Here Maps - Autocomplete Suggestion - here-api

I am looking at using the Autocomplete API from Here Maps and using the Suggestion.json endpoint. My question is that as a user keys in characters, the autocomplete API for suggestions will be called on every key press. This means that for each key press, I need to call the API. This will turn out to be quite expensive. Assuming, I type in "London", it will call the API 6 times. Is there a better way to do this? Also, is there any option of a session token to be created such that, I get charged only for a session token in which I key in multiple characters for a search suggestion list to be generated?

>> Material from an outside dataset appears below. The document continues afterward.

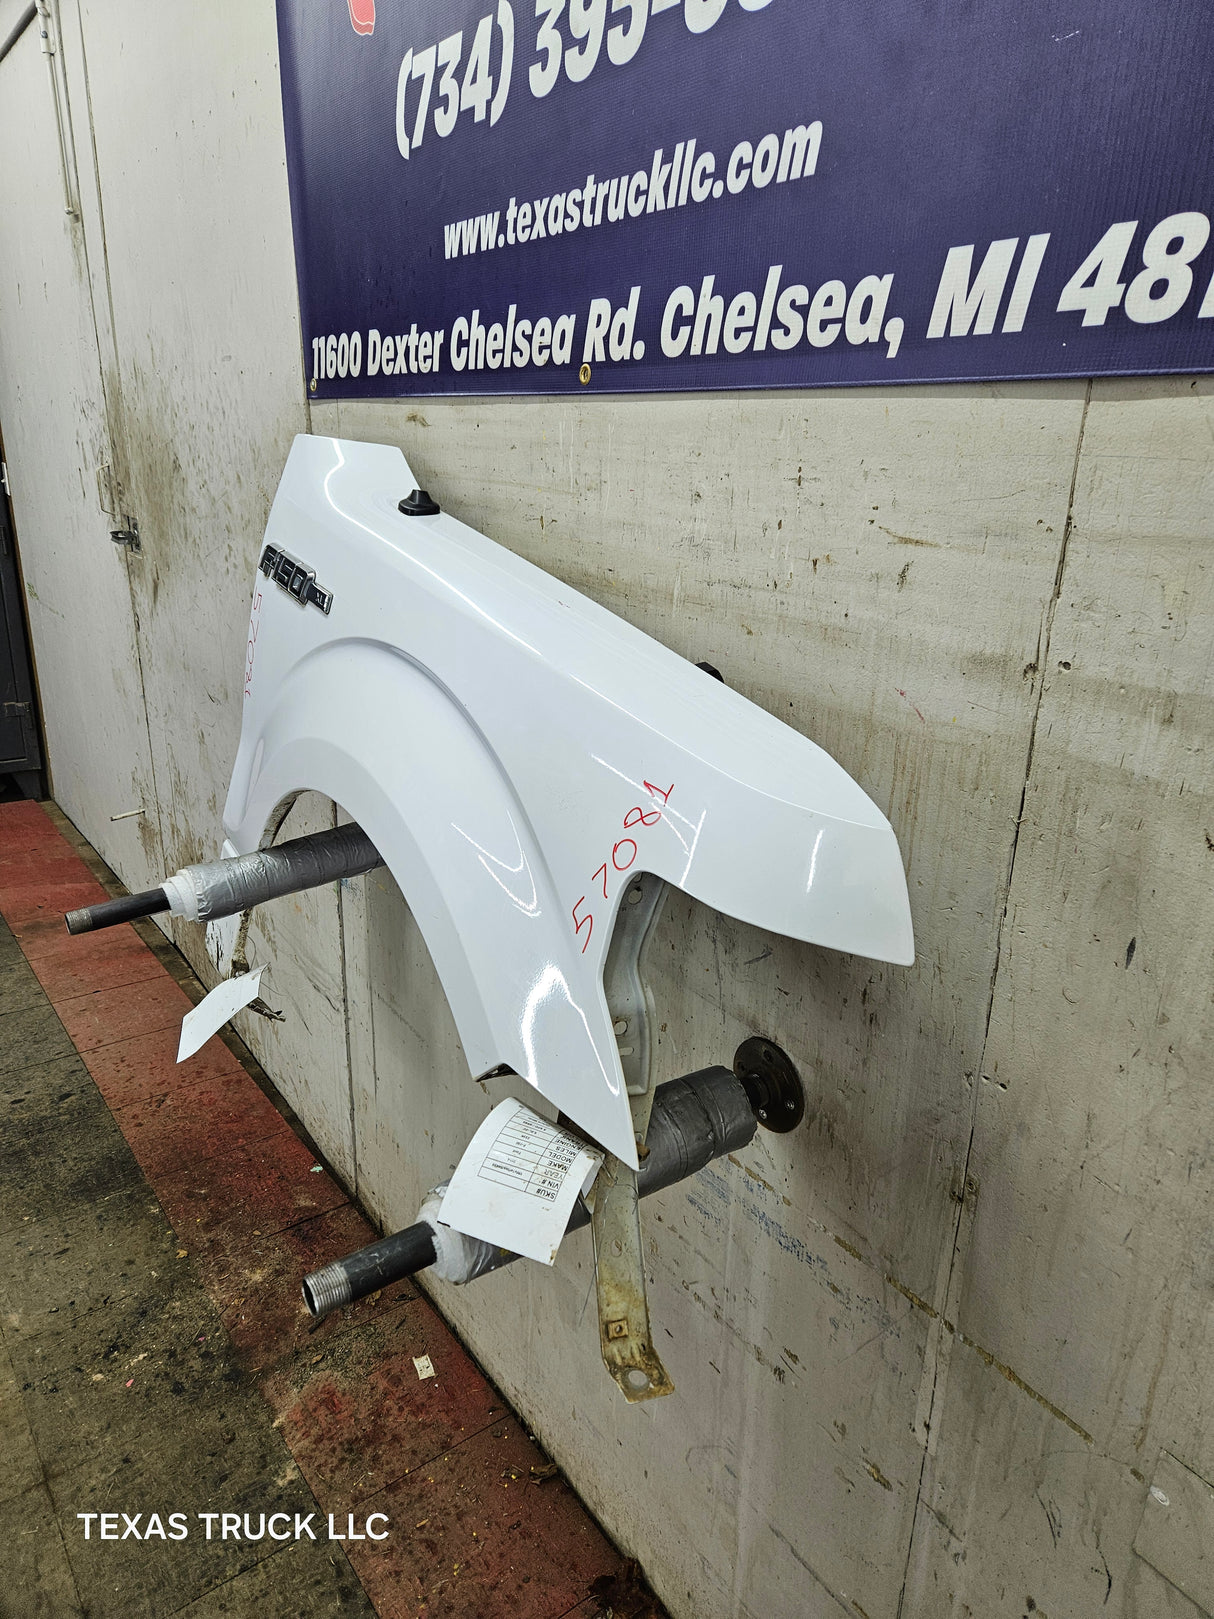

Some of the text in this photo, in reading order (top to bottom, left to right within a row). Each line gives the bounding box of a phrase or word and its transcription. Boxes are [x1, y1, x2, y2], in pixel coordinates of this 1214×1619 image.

There are a few things that you can do to reduce the number of calls:
Some places have just short names like https://en.wikipedia.org/wiki/List_of_short_place_names, so you might have to consider even single character names for your autosuggest. So you may consider building a cache of autosuggest keywords i.e. say a user types L and the one time you make a call to autosuggest API, you can cache the result with L as Key and then for the next key press repeat building the data structure or data store per your requirement, so that the number of hits to the API gradually decreases.
Once you have built your cache, you can decide to refresh you cache after every 10 calls or so. This will greatly reduce your call to the external API.
Lookup Trie data structure. might be helpful.
Here bills you based on the number of requests you make to the backend services so there is not such possibility to bill by session token. You can talk to your account executive if you can negotiate the cost of the offering though.

You can do this pretty easily with the Javascript API: here's an example to get started and here's the documentation page for autosuggest Javascript API.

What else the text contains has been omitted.